DIRECTIONS:
Output the entries word for word. Omit images.

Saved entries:
══════

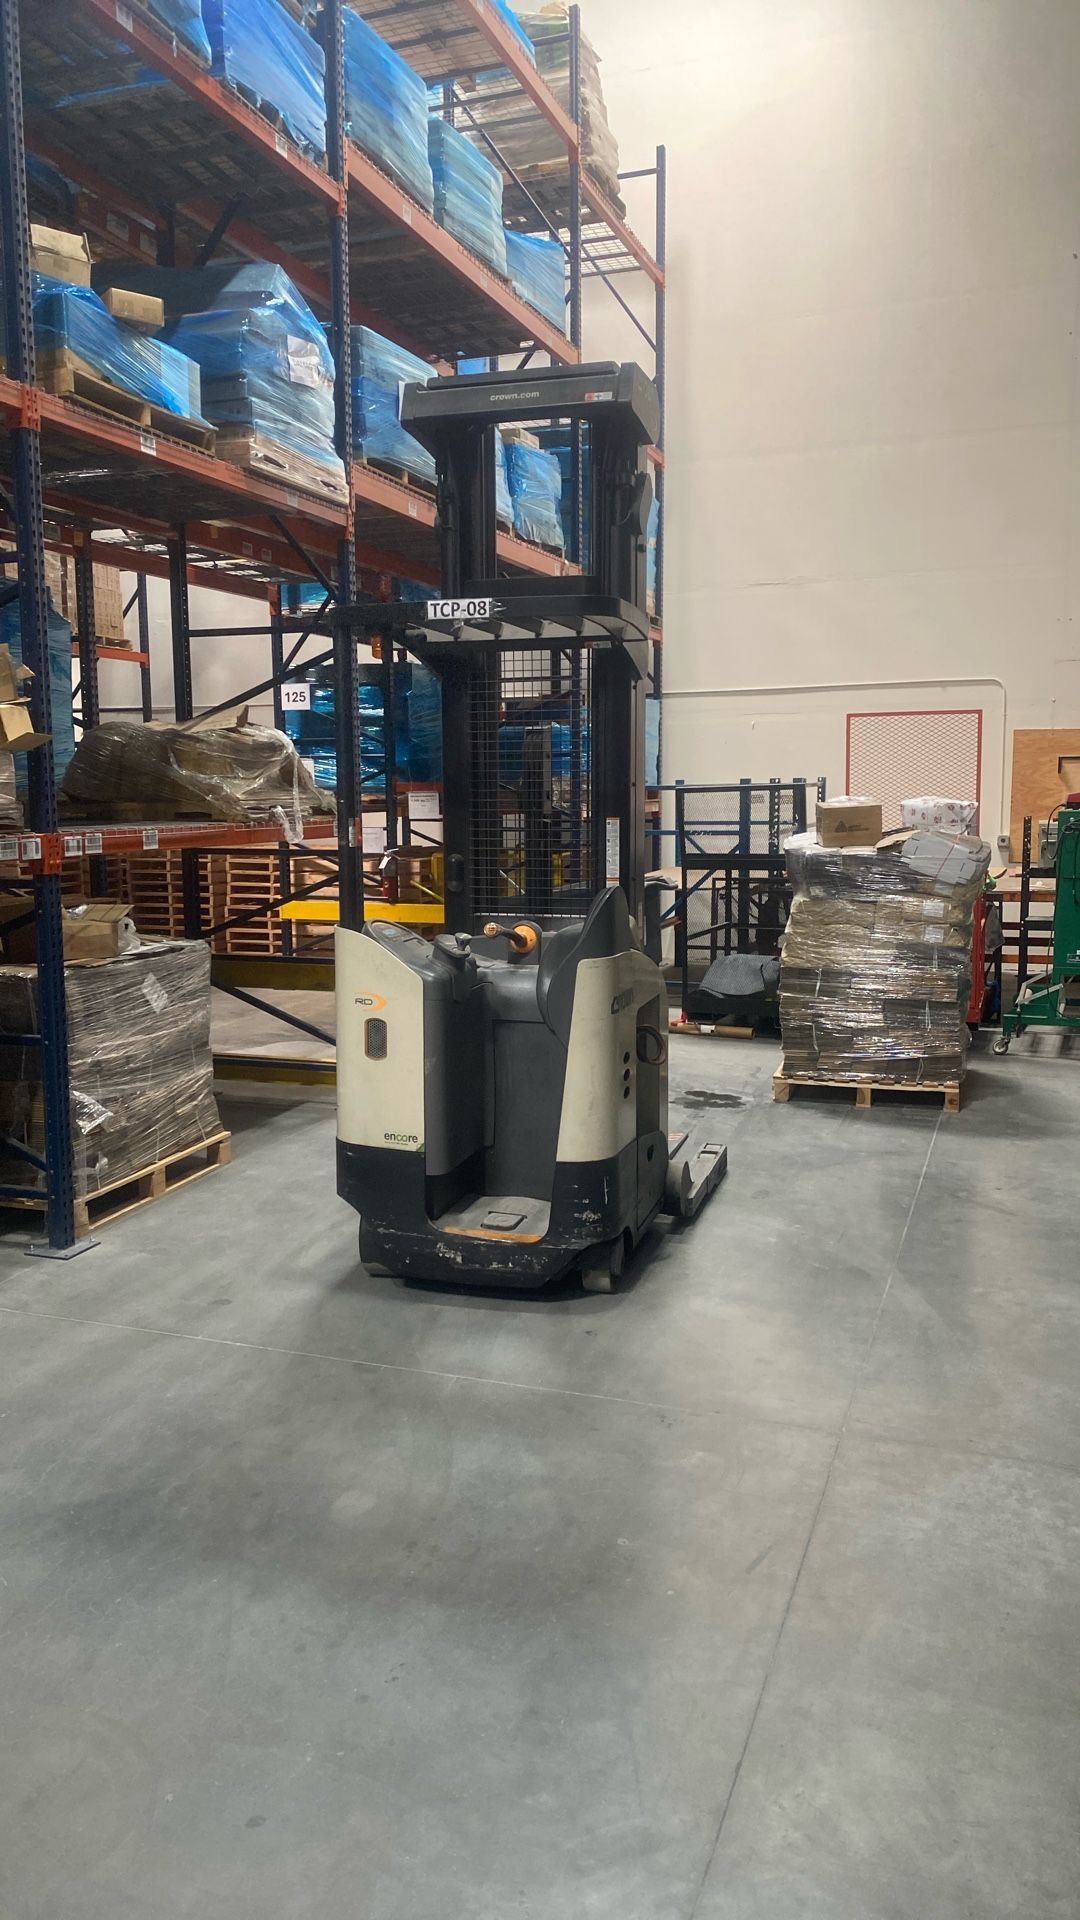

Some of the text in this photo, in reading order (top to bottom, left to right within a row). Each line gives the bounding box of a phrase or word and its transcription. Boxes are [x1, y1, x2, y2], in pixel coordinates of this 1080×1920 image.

[490, 391, 539, 401] crown.com
[430, 601, 487, 618] TCP-08
[285, 692, 306, 702] 125
[384, 1132, 418, 1143] encore
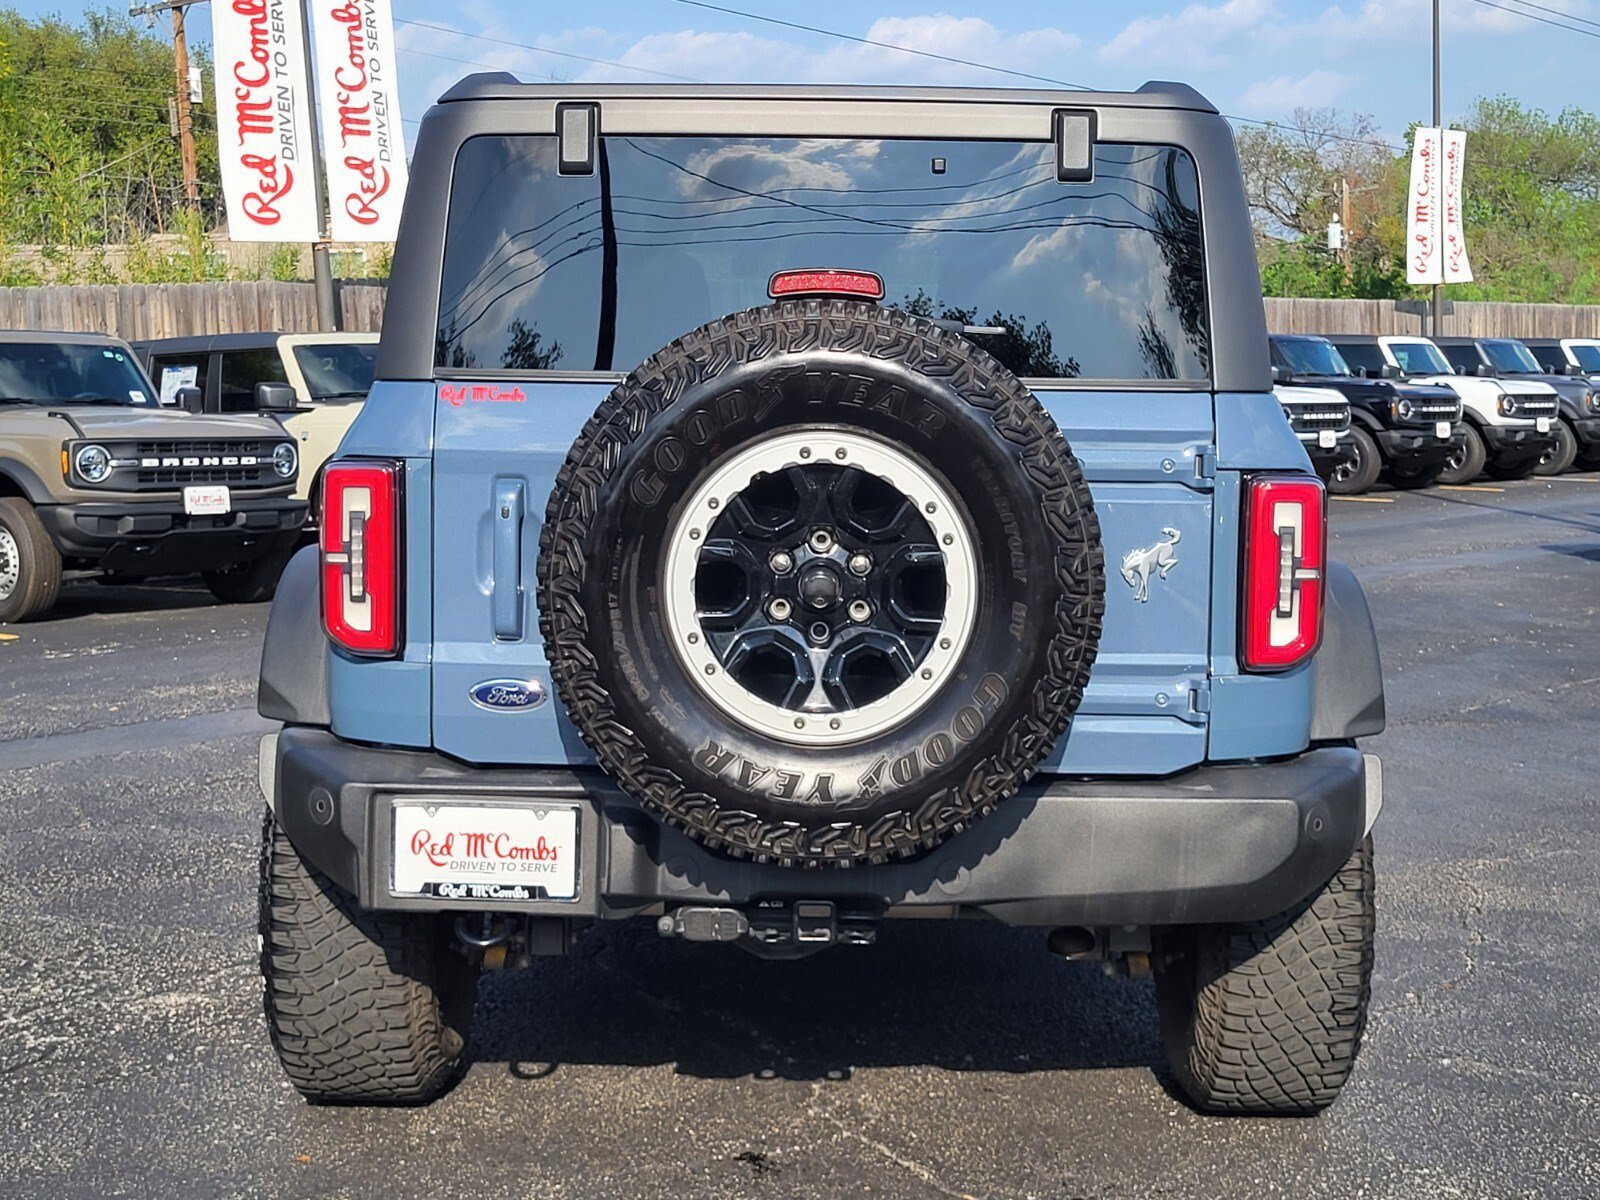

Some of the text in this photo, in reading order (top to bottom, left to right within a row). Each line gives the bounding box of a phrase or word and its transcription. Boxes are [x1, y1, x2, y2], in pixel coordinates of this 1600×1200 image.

[232, 0, 293, 226] Red McComb
[270, 0, 295, 161] DRIVEN TO SERV
[331, 0, 390, 225] Red McComb
[364, 0, 390, 162] DRIVEN TO SERV
[487, 686, 528, 704] Ford
[411, 829, 558, 867] Red McCombs
[438, 882, 530, 899] Red McCombs
[450, 860, 558, 873] DRIVEN TO SERVE

══════

SOLUTION TO THIS TASK:
Some of the text in this photo, in reading order (top to bottom, left to right within a row). Each line gives the bounding box of a phrase or word and its transcription. Boxes are [x1, y1, x2, y2], in pixel coordinates of this 1080×1920 image.

[490, 391, 539, 401] crown.com
[430, 601, 487, 618] TCP-08
[285, 692, 306, 702] 125
[384, 1132, 418, 1143] encore

Some of the text in this photo, in reading order (top to bottom, left to right within a row). Each line gives the bounding box of a phrase or word and its transcription. Boxes are [x1, y1, x2, y2], in pixel coordinates of this 1600×1200 image.

[232, 0, 293, 226] Red McComb
[270, 0, 295, 161] DRIVEN TO SERV
[331, 0, 390, 225] Red McComb
[364, 0, 390, 162] DRIVEN TO SERV
[487, 686, 528, 704] Ford
[411, 829, 558, 867] Red McCombs
[438, 882, 530, 899] Red McCombs
[450, 860, 558, 873] DRIVEN TO SERVE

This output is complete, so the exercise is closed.